Georgia (Part 1)

October 9th: We woke up early and headed to the bus stop in Sheki. Unfortunately, I’m not great with time management and we missed the 8am bus by 5 minutes. The next bus wouldn’t leave until 10am. This was especially frustrating because we needed to make a bus connection an hour down the road in Qax. Les’s frustration was palpable. I somewhat redeemed myself by getting us a taxi to Qax where we were able to catch the connecting bus to Tbilisi. We were back on track! We arrived in Tbilisi early that evening, tired and hungry. Our hosts at the Green House Hostel were amazing and recommended a nice walk to a restaurant – perfect!

Les is patiently waiting for the go-ahead.

October 10th: We spent the day walking around Old Town and up the main shopping street – Rustaveli Street.
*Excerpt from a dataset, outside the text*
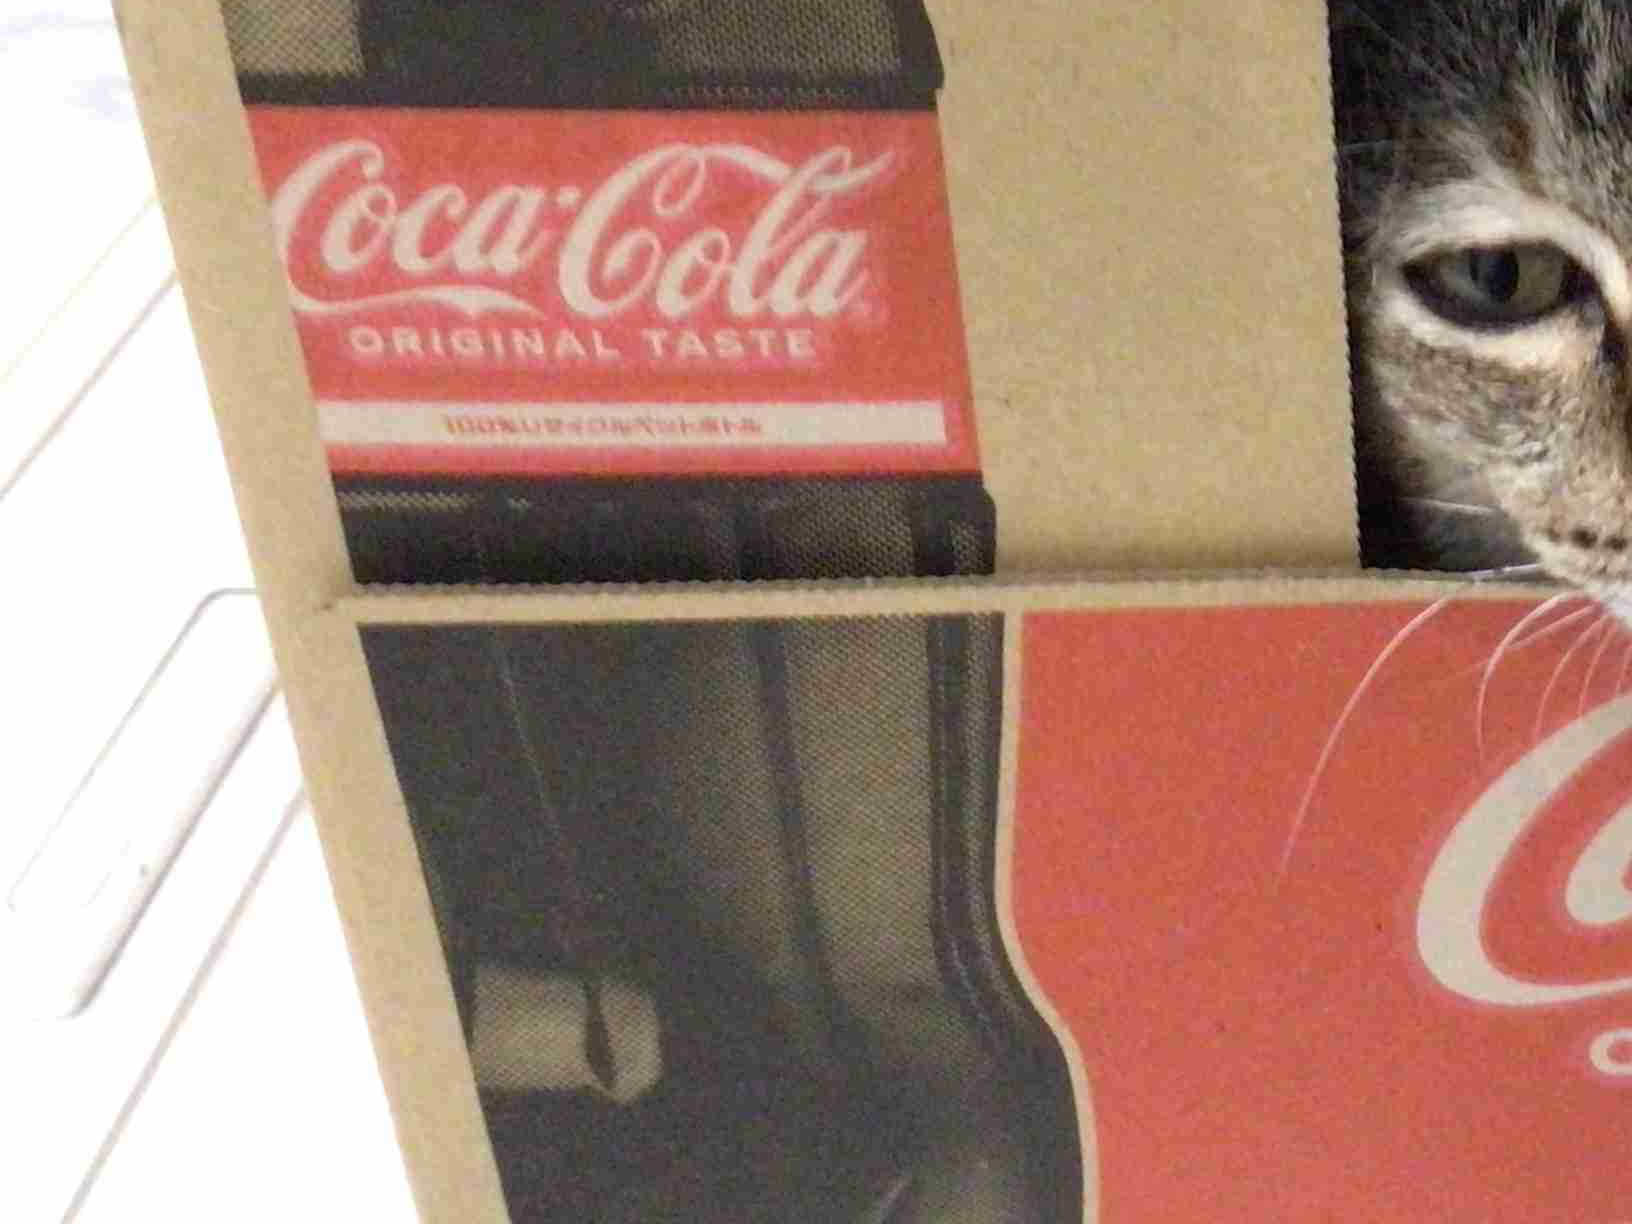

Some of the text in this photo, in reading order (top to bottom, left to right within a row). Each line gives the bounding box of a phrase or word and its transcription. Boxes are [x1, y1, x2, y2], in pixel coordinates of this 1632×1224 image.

[268, 139, 896, 321] Coca-Cola
[349, 325, 817, 362] ORIGINAL TASTE
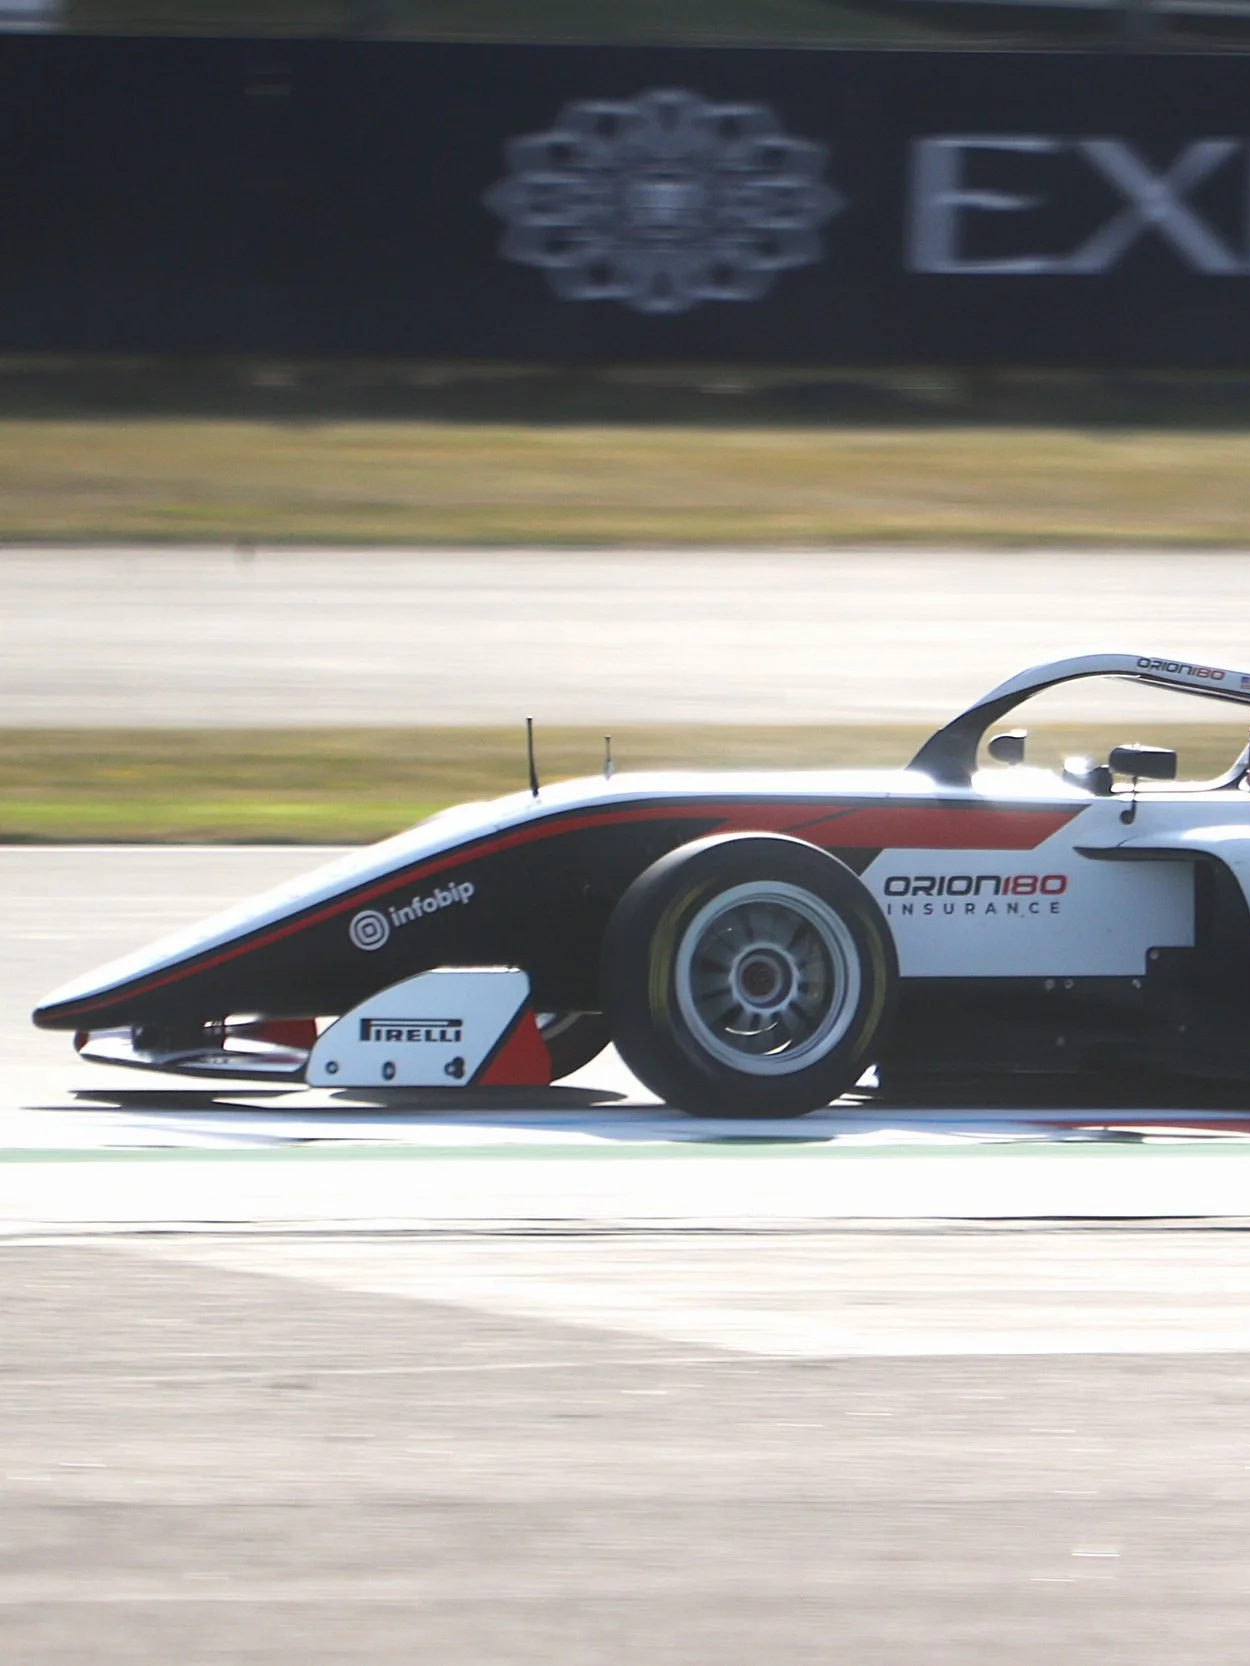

We got SIM cards to make life easy (Google Maps!) It was so cheap. It cost 13GEL ($6.30CAD) for a SIM card with 4GB of data!

The underground pedestrian crossings are lined with art.

We stopped back at our hostel for some mid-afternoon tea and got to talking to one of our hosts, Maia. She mentioned that her husband, Alex, gave good advice on hiking in Georgia because he used to be a geologist in the area. I told her that I am a geologist and she smiled and yelled downstairs to her husband. When we went downstairs, Alex was excited. He wanted to know what kind of geology. His English isn’t great but he is good at communicating. I said “minerals, mining, gold”. He said “Oh! Come, let’s test” and we followed him to the kitchen. I thought it would be a rock identification test or something. No. It was a big shot glass of homemade chacha. Chacha is a liquor made from the grape residue after wine making. He made it clear that if I was truly a geologist, I could handle this shot. Les got to be an honorary geologist. I think we passed but it must have been 50-60%.

So with an instant happy glow, we went out for dinner to another restaurant they recommended.

For dinner, we had Adjarian khachapuri: a bread “boat” filled with cheese and topped with a raw egg and a slab of butter.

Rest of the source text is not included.